Serbia: Robust Q1 Performance Unlikely to Continue

Serbia: Robust Q1 Performance Unlikely to Continue

The Serbian economy performed well during the first quarter of 2020. Structural factors, such as a smaller dependence on tourism, as well as effective fiscal and monetary responses, have significantly alleviated contractionary pressures. However, guiding the economy throughout the rest of the year will be a more laborious endeavour. 

In the first quarter of 2020, the Serbian economy registered a growth of 5% year-on-year, the highest among 38 European economies. Germany’s gross domestic product (GDP), for example, shrank by 2.3% in the same period.

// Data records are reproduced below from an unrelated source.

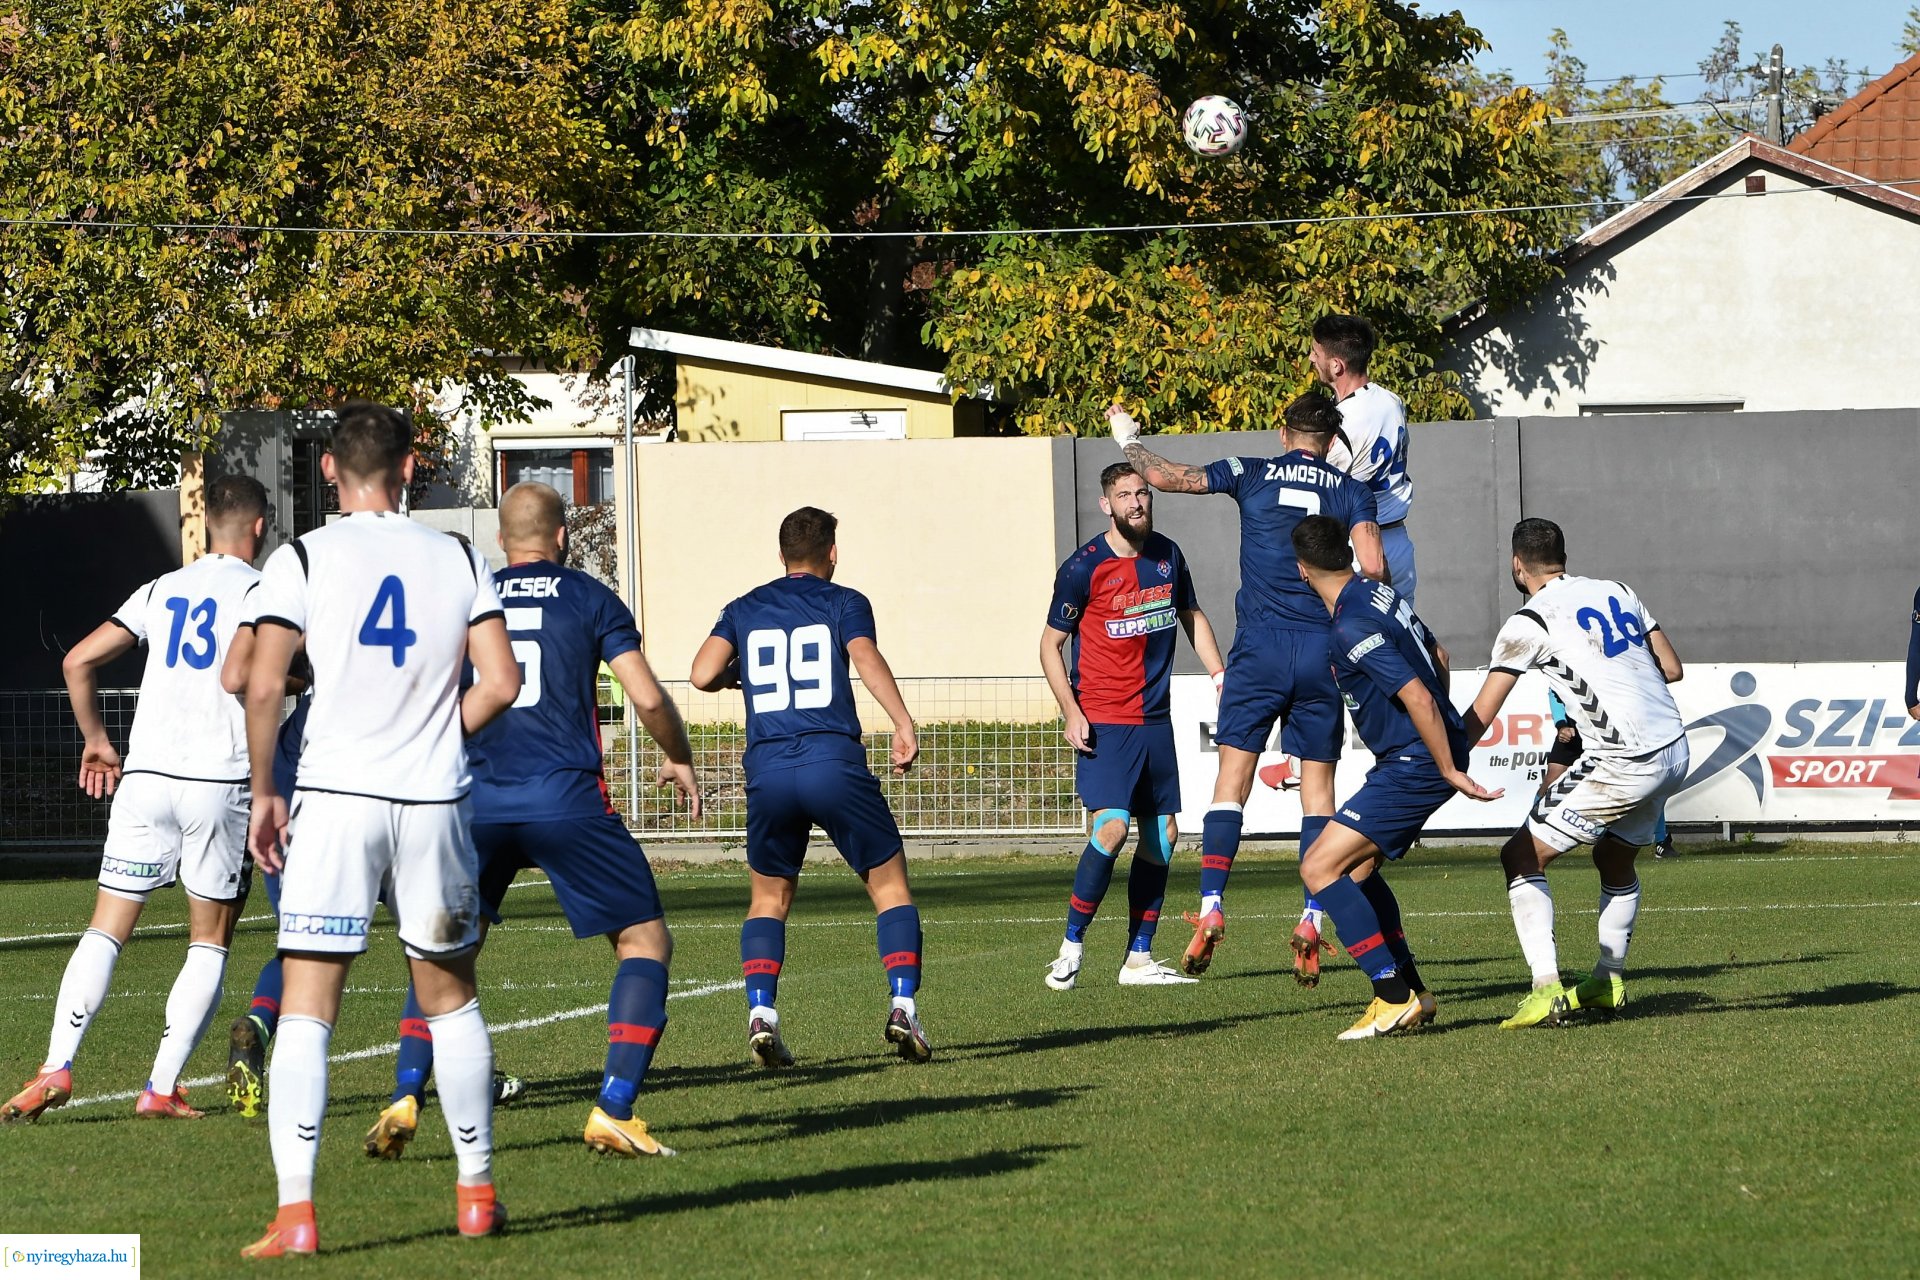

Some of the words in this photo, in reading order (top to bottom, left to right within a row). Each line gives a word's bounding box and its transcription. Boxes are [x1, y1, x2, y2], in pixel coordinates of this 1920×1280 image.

[165, 596, 217, 670] 13
[358, 574, 417, 668] 4
[1576, 595, 1645, 659] 26
[747, 623, 833, 714] 99
[1489, 755, 1509, 767] the
[1527, 769, 1538, 781] is
[1784, 760, 1888, 783] SPORT

Serbian Minister of Finance Sinisa Mali was quick to highlight this “achievement,” suggesting that Serbia should “get used to being the best in Europe.” So what explains Serbia’s economic performance, and what is the outlook for the rest of the year?

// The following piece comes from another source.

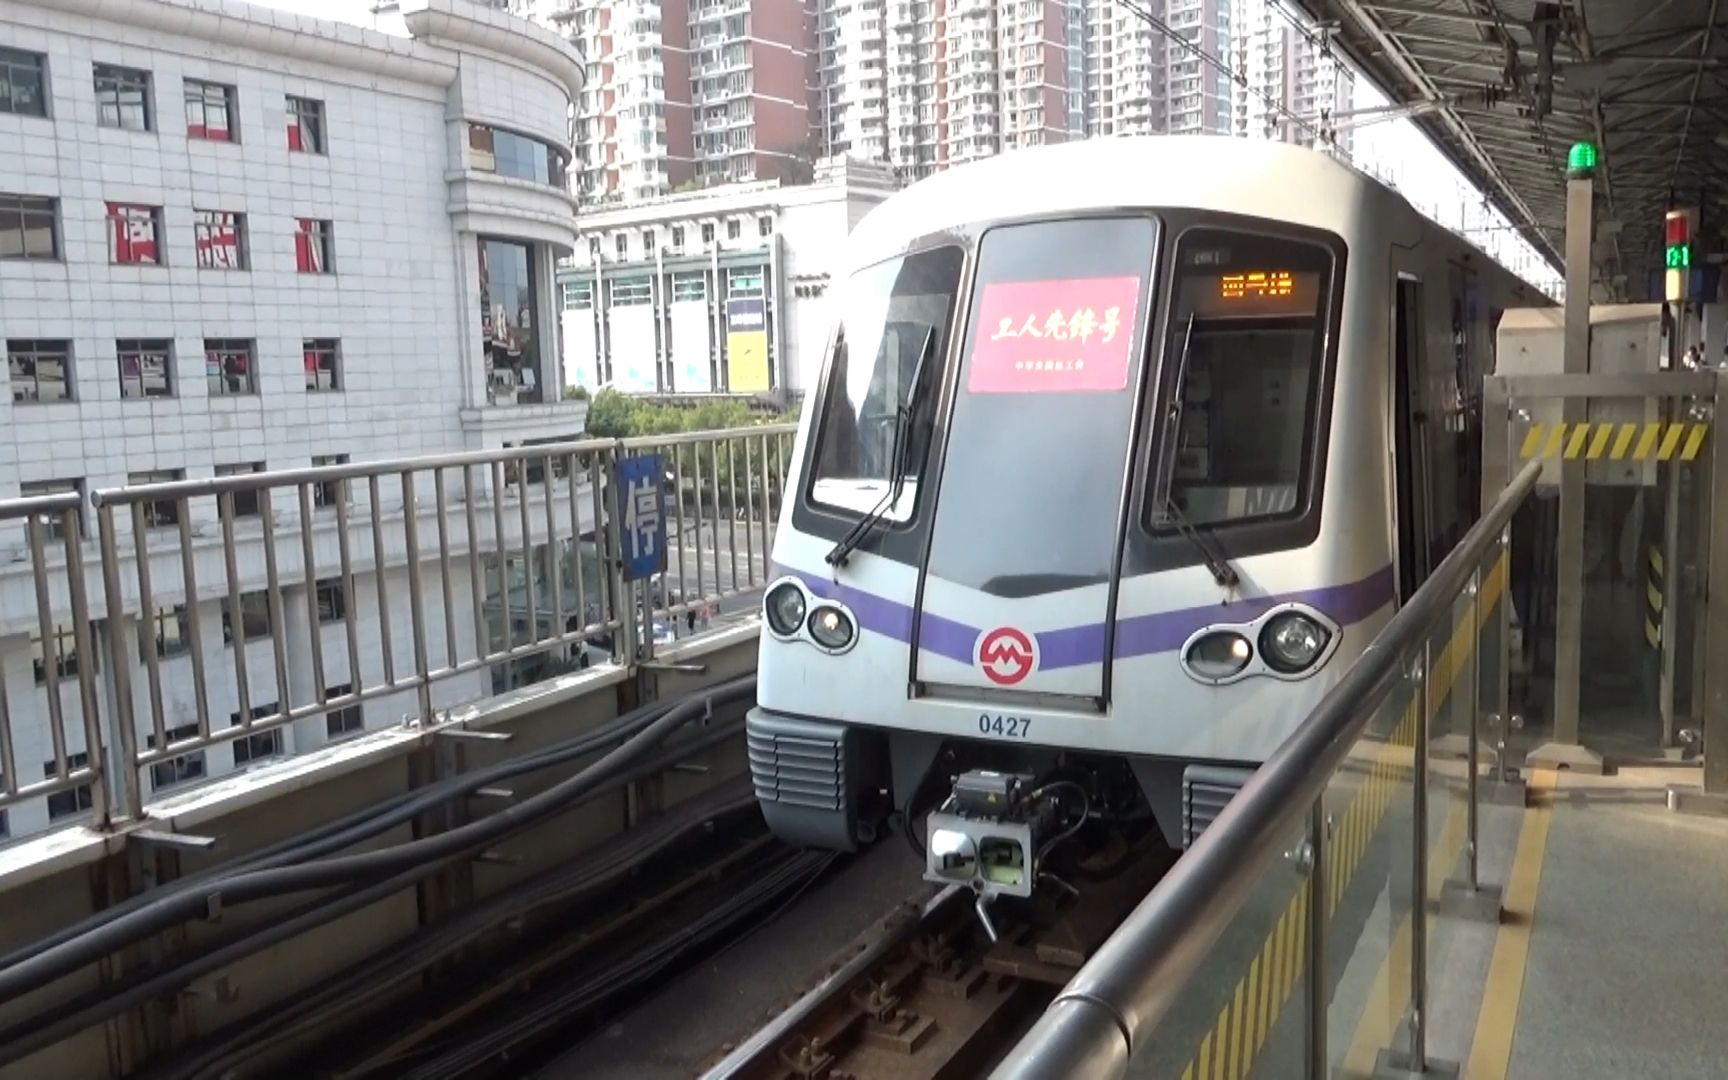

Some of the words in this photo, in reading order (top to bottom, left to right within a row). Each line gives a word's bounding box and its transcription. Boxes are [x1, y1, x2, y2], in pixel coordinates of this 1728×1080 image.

[990, 305, 1121, 344] 工人先锋号
[625, 476, 659, 559] 停
[979, 713, 1031, 738] 0427

Statistical comparisons can be politicized

Statistical evidence can easily be manipulated. Indeed, Serbia’s GDP has increased compared to the first quarter of 2019 but a look at quarter-on-quarter growth paints a different picture. Serbia’s economy actually contracted by .6%, according to seasonally adjusted GDP data, compared to the fourth quarter of 2019. 

Moreover, drawing parallels between Serbia’s growth and that of European juggernauts such as Germany is fundamentally flawed. For example, a 5% expansion by Serbia reflects 2.5bn euro in value added. If Germany were to expand its economy by 0.5%, it would still be adding more value – close to 17bn euro to be precise. Of course, proportionality matters. But so do appropriate comparisons. 

Structure of the Serbian Economy

Indeed, Serbia’s contraction in the first quarter was milder in relation to other European countries. The French, German and Italian economies shrunk by 5.3, 2.2 and 5.3 %, respectively. But this has less to do with the government’s response, and more to do with the structure of the Serbian economy.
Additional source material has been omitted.